MGM Growth today issued a statement saying it had approached the management of VICI and offered to “acquire 100 percent of VICI’s outstanding common stock for $19.50 per share, and to date, VICI has elected not to engage in meaningful discussions.”
On Wednesday, VICI released a statement about the deal explaining why it was rejecting the proposal.
In the statement, VICI CEO Edward Pitoniak said the decision of its board was unanimous, and it “believes that our prospects as a standalone independent company will deliver significantly superior results for our shareholders.”
Neither MGM nor Caesars representatives would comment on the proposed deal.
But in its release discussing the deal, MGM Growth Properties included the text of a letter it sent to VICI outlining the benefits of the deal, saying it would “create one of the largest triple net lease REITs, with an unmatched portfolio of high quality leisure, entertainment and hospitality assets. A combination would also create a larger and better capitalized company with greater scale and an enhanced financial profile.”
MGM Growth is offering to buy all outstanding common stock of VICI for $19.50 per share.
Dr. Tony Alamo, chairman of the Nevada Gaming Commission, described the proposed merger as essentially a business transaction between two landlords. Although the commission sometimes requires landlords to testify at hearings, it’s unlikely this deal would come under review, he said.
“There is no regulatory oversight or approval required if this is a straight ahead real estate REIT purchase,” Alamo said.
Because MGM Growth Properties is affiliated with MGM Resorts International, it may seem odd that it would want to be the landlord for properties operated by Caesars Entertainment.

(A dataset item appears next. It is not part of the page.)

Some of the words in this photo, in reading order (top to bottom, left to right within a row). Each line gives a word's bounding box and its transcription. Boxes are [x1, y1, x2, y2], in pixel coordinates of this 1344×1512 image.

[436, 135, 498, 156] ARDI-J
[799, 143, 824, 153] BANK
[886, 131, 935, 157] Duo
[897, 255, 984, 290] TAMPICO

Alex Bumazhny, a gaming analyst with Fitch Ratings, said yes, it’s unique for a REIT to have all of its tenants in one industry, let alone one of its competitors. But it probably won’t be an issue. “There should not be any conflicts of interests in theory. Caesars’ leases, and other agreements such as the right of first refusal on certain assets, should dictate the nature of the relationship between Caesars and VICI or MGP,” he said
Companies like MGM Resorts International form REIT spinoffs because of the their unique tax advantages. REITS get significant tax breaks as long they distribute at least 90 percent of their income to their unit holders or shareholders.
MGM Growth Properties was formed in 2016 and owns the land and buildings of the following MGM Resorts International Properties: Mandalay Bay, the Mirage, the Monte Carlo, New York-New York, Luxor, Excalibur and The Park, all in Las Vegas, the MGM Grand in Detroit, the Borgata in Atlantic City, MGM National Harbor in Maryland, the Beau Rivage in Biloxi, Miss., and the Gold Strike in Tunica, Miss.

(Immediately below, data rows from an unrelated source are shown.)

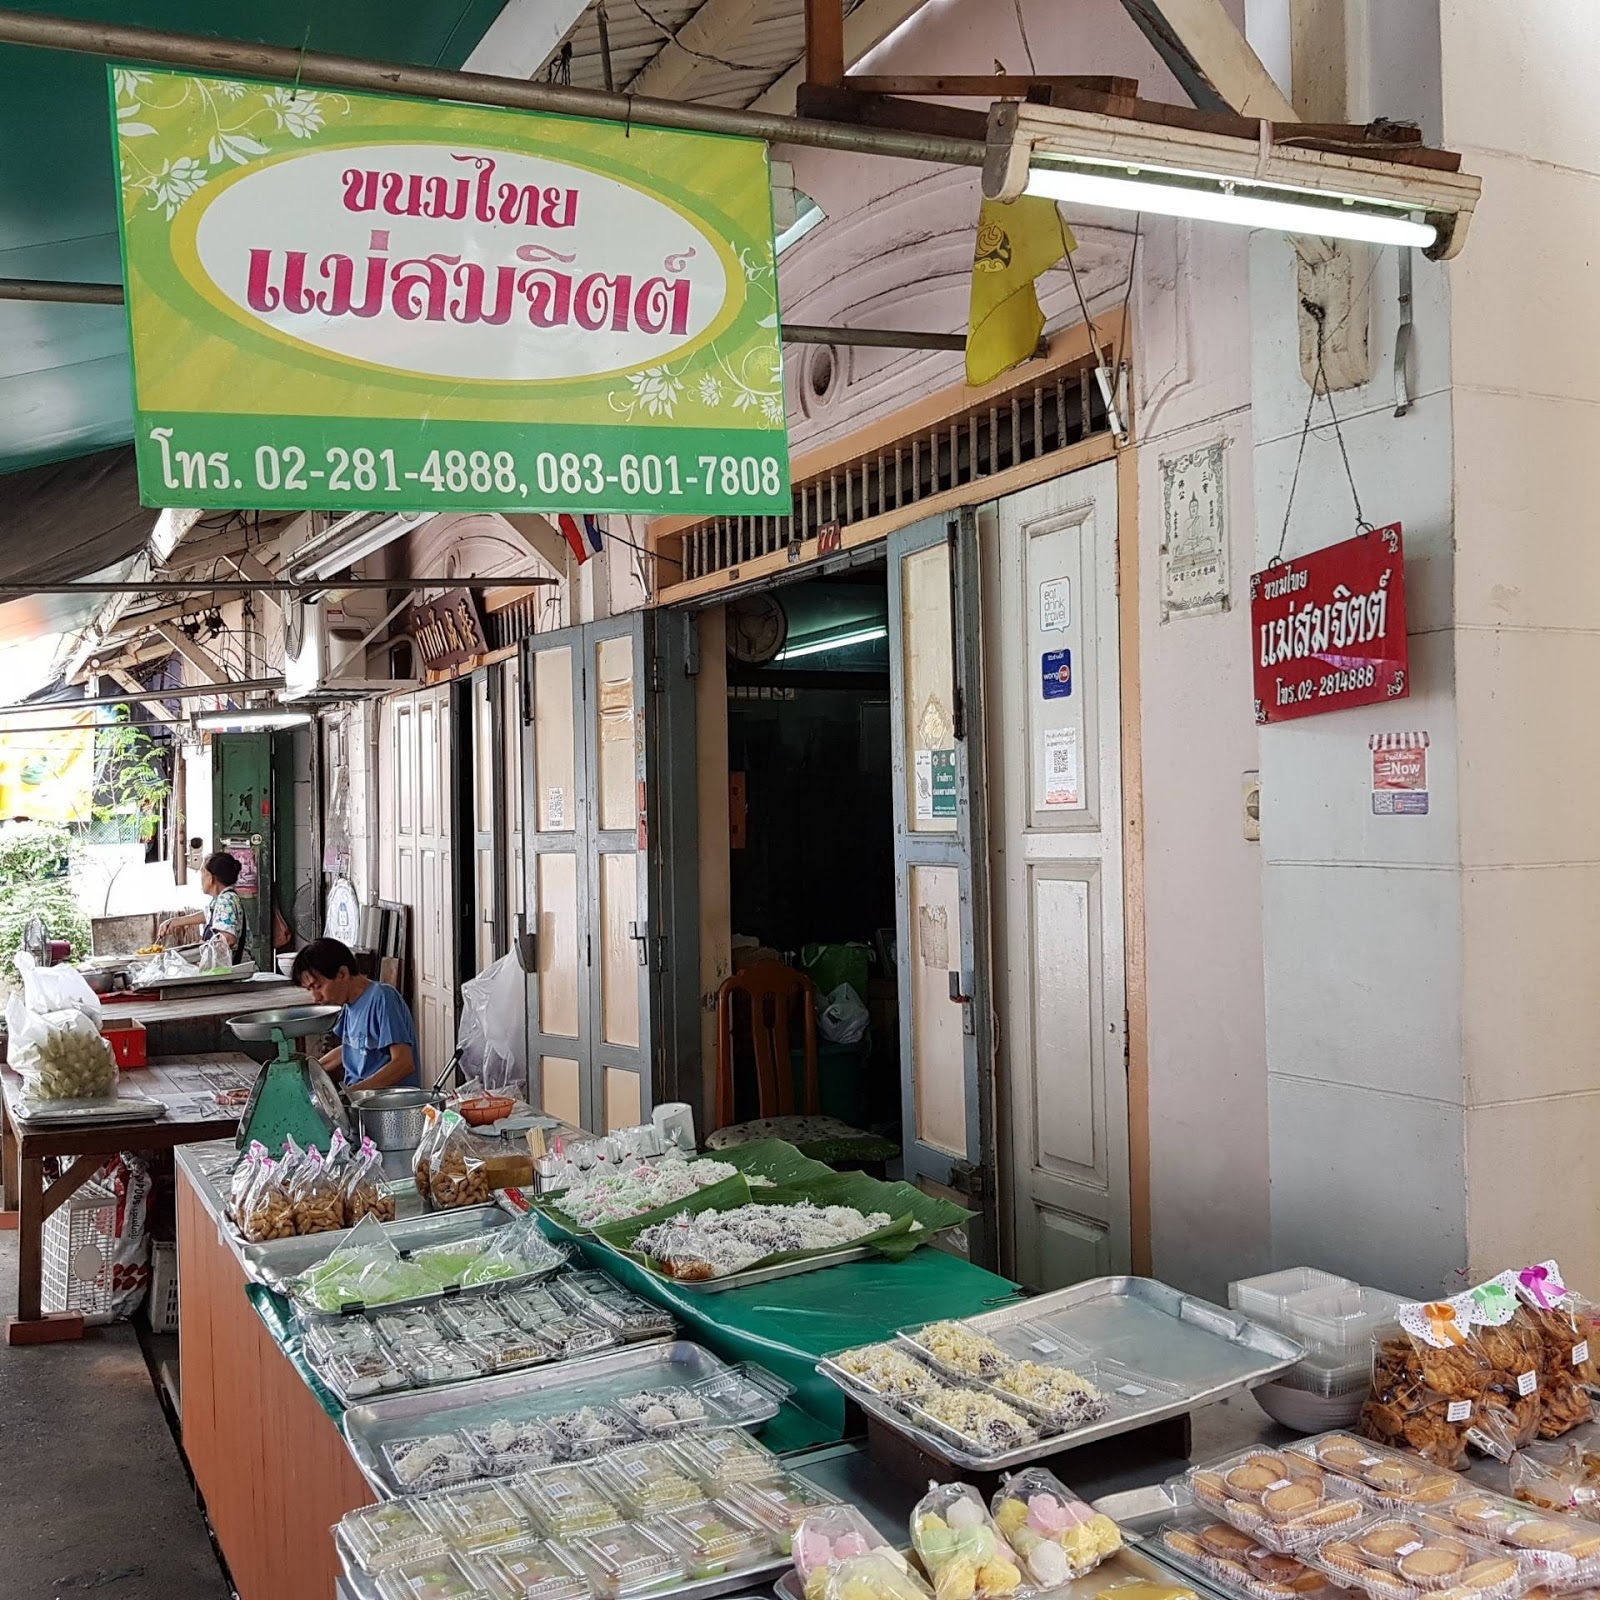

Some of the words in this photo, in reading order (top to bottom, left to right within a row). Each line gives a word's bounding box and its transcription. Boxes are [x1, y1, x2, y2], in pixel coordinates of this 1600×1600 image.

[341, 153, 579, 229] ขนมไทย
[246, 230, 698, 336] แม่สมจิตต์
[150, 428, 243, 491] โทร.
[254, 444, 528, 497] 02-281-4888,
[537, 450, 780, 498] 083-601-7808
[820, 525, 835, 550] 77
[1263, 564, 1309, 601] ขนมไทย
[1260, 568, 1393, 668] แม่สมจิตต์
[1391, 761, 1421, 775] Now

VICI was formed as part of the post-bankruptcy reorganization of Caesars Entertainment Operating Company. In addition to four golf courses, VICI owns the following casinos and race tracks: Harrah’s and Caesars Palace in Las Vegas, Caesars in Atlantic City, the Horseshoe in Hammond, Ind., Harrah’s and Harveys in Lake Tahoe,
Harrah’s Louisiana Downs, Bluegrass Downs in Kentucky, the Roadhouse and Horseshoe in Tunica, Miss., the Horseshoe in Southern Indiana, the Horseshoe and Harrah’s in Council Bluffs, Iowa, the Horseshoe in Bossier City, La., Harrah’s in Reno, Harrah’s in North Kansas City, Harrah’s in Metropolis, Ill., Harrah’s in Joliet, Ill., Bally’s in Atlantic City and Harrah’s in Biloxi, Miss.